Although most people might say they’ve peaked at a collaboration with Beyoncé, Booi doesn’t want his career to stop there. First, he has to wrap up his master’s at NYU. But his ultimate goal is to be a behind-the-scenes producer and songwriter, and be backstage while audiences resonate with his music.
“The dream is to live a life and have your kids have a normal life. And once in a while though, Auntie Beyoncé comes in for a barbecue,” Booi says. “I said that completely jokingly many years ago. I wasn’t able to meet her on this project; I missed her by two hours when we were in the studio that one night. But now it’s like, ‘Wow, it’s a possibility.’”
Booi hasn’t yet adjusted to internet virality, but he says it’s been especially wonderful to see people back home celebrate his success. Twitter props during grad week is a communal event in South Africa, where “a win for one child is a win for the whole community.”

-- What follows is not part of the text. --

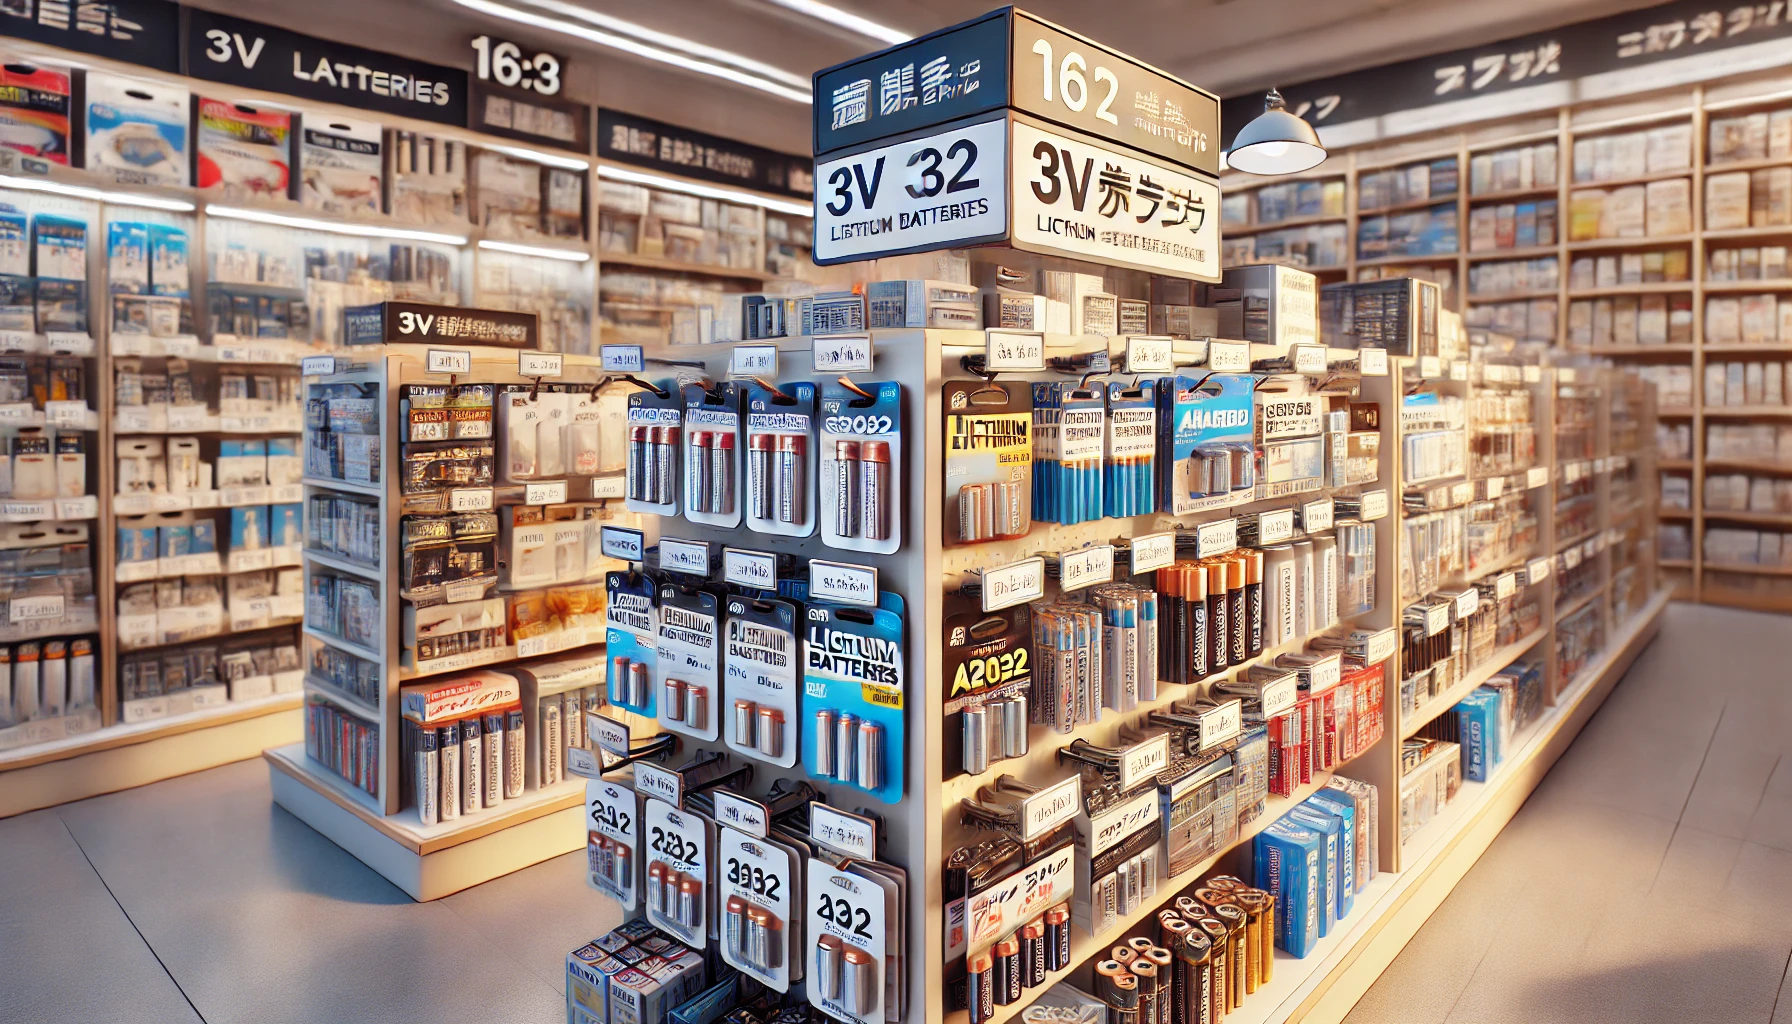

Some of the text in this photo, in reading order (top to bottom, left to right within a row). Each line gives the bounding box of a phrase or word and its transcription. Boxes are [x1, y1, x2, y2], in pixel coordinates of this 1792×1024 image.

“A lot of people’s parents didn’t get the chance to go to university, so a lot of black children, when they graduate, they’re the first person in the family to graduate,” he says. “And everyone just retweets everyone because even if we don’t know you, you are a doctor now and we love you and we show love back to you.
“I just witnessed that in the biggest ways where I have, like, random mamas just hitting me up being like, ‘Yo, we are so proud, my son, we are so proud,’” he adds. “I do not know these people at all, but because I am someone from this country — and as a result, their son by extension — it’s like I’m representing all of them in this.”
Not bad for a kid with a suitcase and a keyboard.